2. Pick a fight. Know what you stand for, and what you stand against. Have a point of view.

3. Be your own customer. Not just “understanding your own customer”, but actually being one. “Accidental brands are almost always created when people solve their own problems,” says Vinjamuri.

4. Be unnaturally persistent. Most of the brands featured in his book took 10 to 20 years to reach the $20 million mark.

5. Build a myth. “If you’re an entrepreneur solving your own problem, you have a story,” writes Vinjamuri.

6. Be faithful. Remember the customers who made your brand what it is.


Does Branding Need Rebranding?

To many branding practitioners, the word “brand” hinders as much as it helps.

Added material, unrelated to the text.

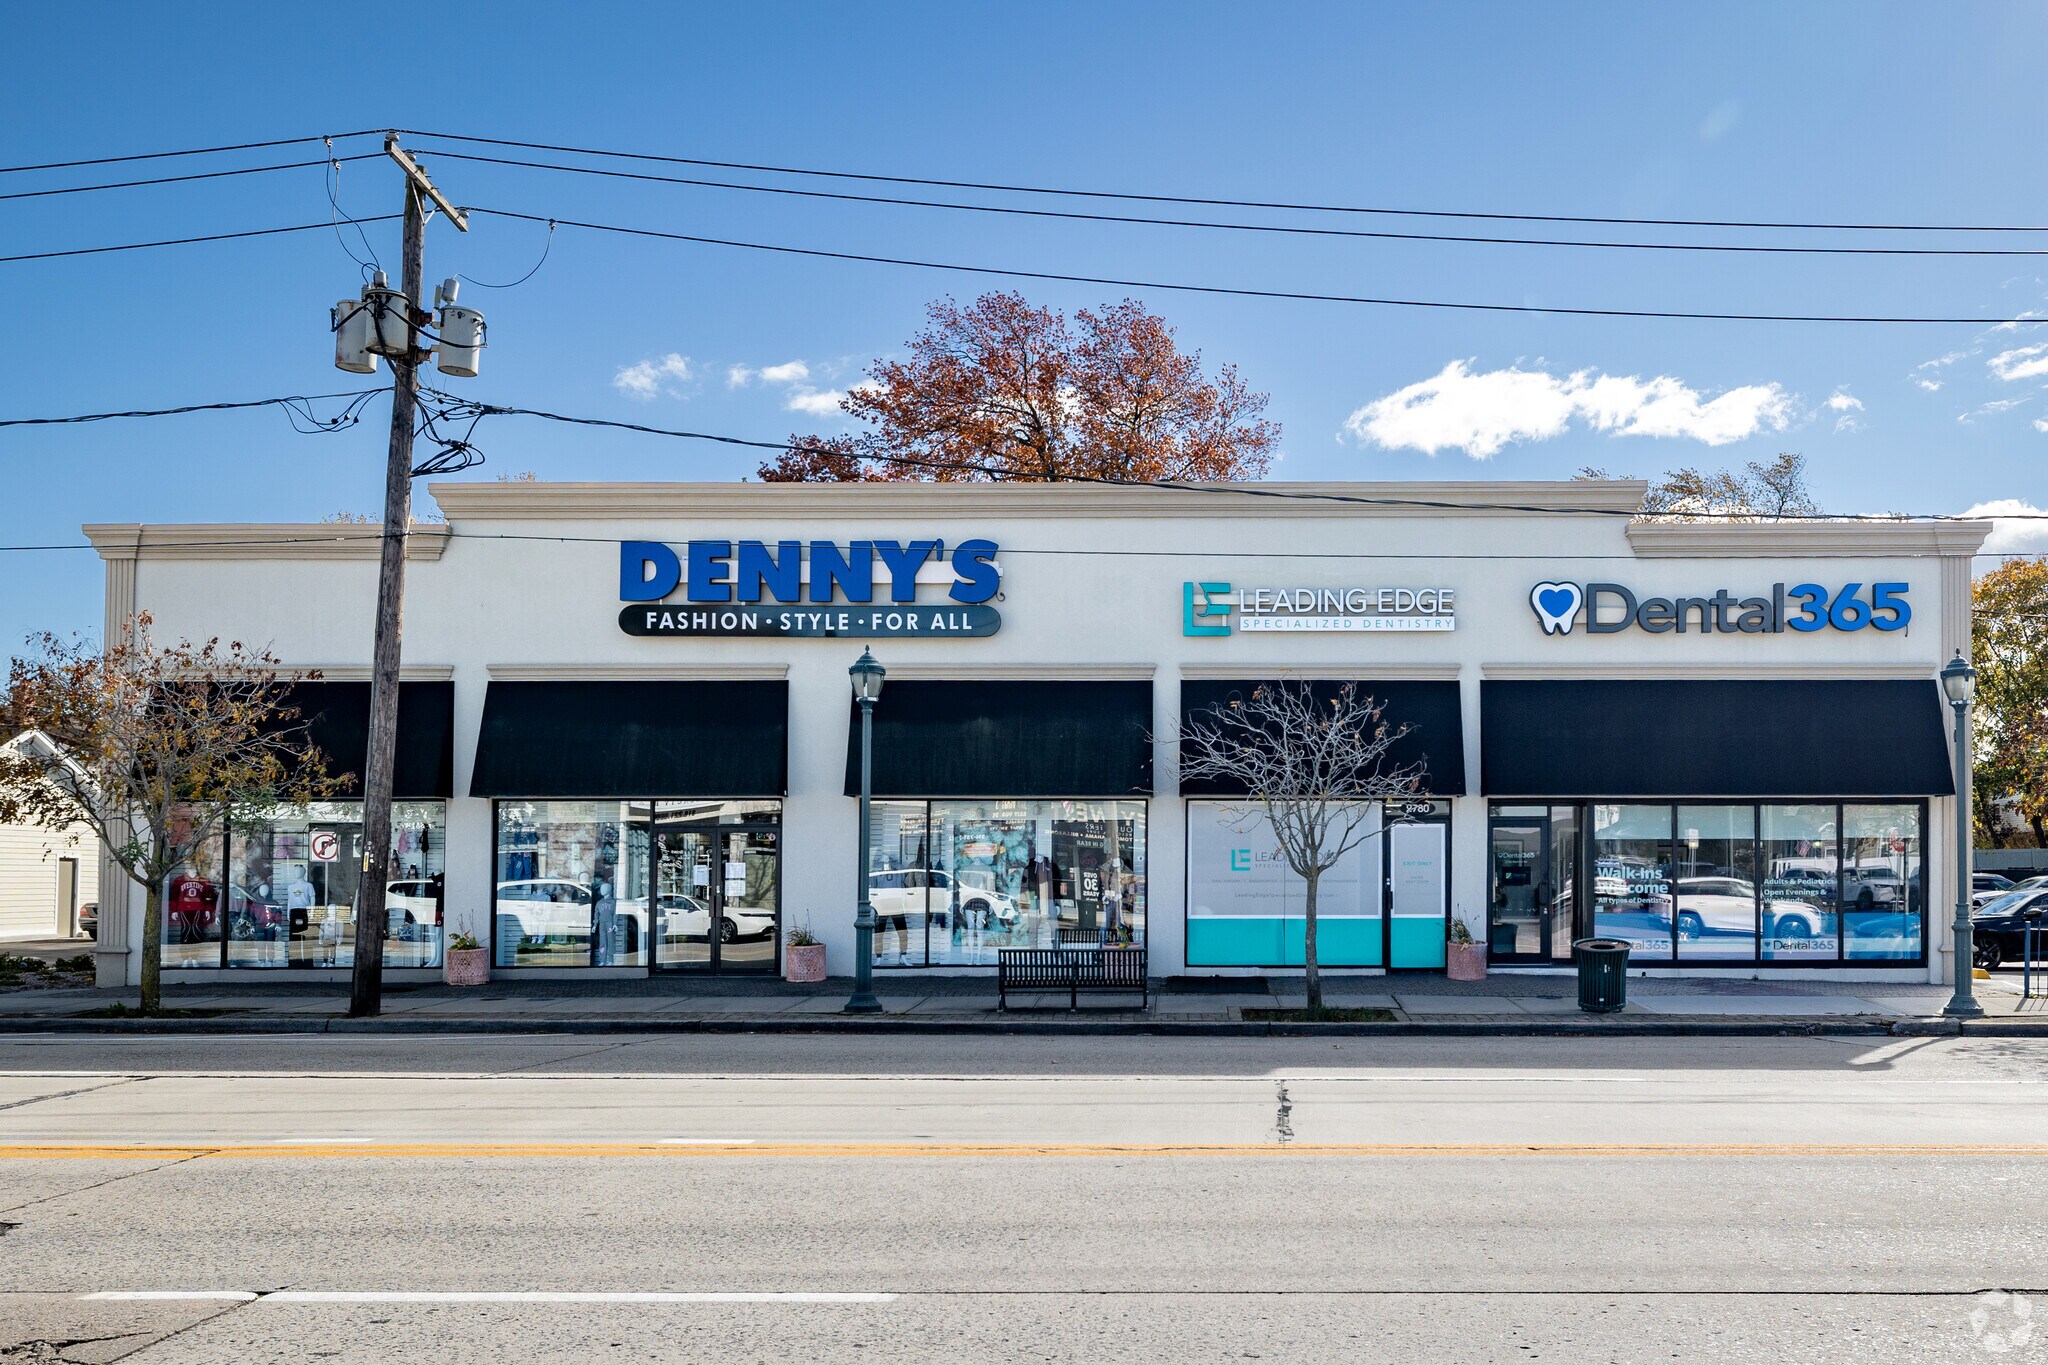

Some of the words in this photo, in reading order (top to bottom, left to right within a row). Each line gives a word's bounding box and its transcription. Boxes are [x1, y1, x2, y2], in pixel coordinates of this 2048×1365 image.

Nick Sampson, strategy director at DNA, says the B word sometimes actually gets in the way of helping clients. “I wish we could come up with a better word,” he says. “For so many people it’s just the external look and feel of a company.”

Likewise, Sven Baker of DesignWorks EIG calls branding a fundamentally misunderstood word, “at grave risk of being highly devalued in the lexicon of marketing communications agencies”.

Baker has one suggestion: Replace the word “brand” with the word “reputation”. “As soon as you do that, what you’re shaping in people’s minds are not visual assets, they are preferences built through reputation.”

Paul Stewart, CEO of ON-Brand partners and co-author of Branded Customer Experience, says reputation is key, as well as what people see as unique about you, and finally how much they trust you. “[Amazon.com CEO] Jeff Bezos defines a brand as what people say about you when you’re not in the room,” he adds. “Do they say you’re consistent and reliable to deliver to their expectations?”

Meanwhile, Dave Clark from Dave Clark Design thinks a lot of what gets called brand consulting is “marketing BS”. His cynicism comes from seeing 20-page branding documents which, in his view, need only occupy two or three lines.

Instead of offering exhaustive rationales, designers should do what they do best, and express the brand visually. “I’ve worked with a lot of marketers in my life,” says Clark. “Some are very analytical, but the most successful ones do it intuitively. They embrace simple precepts that a child of 10 could understand.”

Just as the most successful marketers embrace simplicity, perhaps brand advisers could do the same.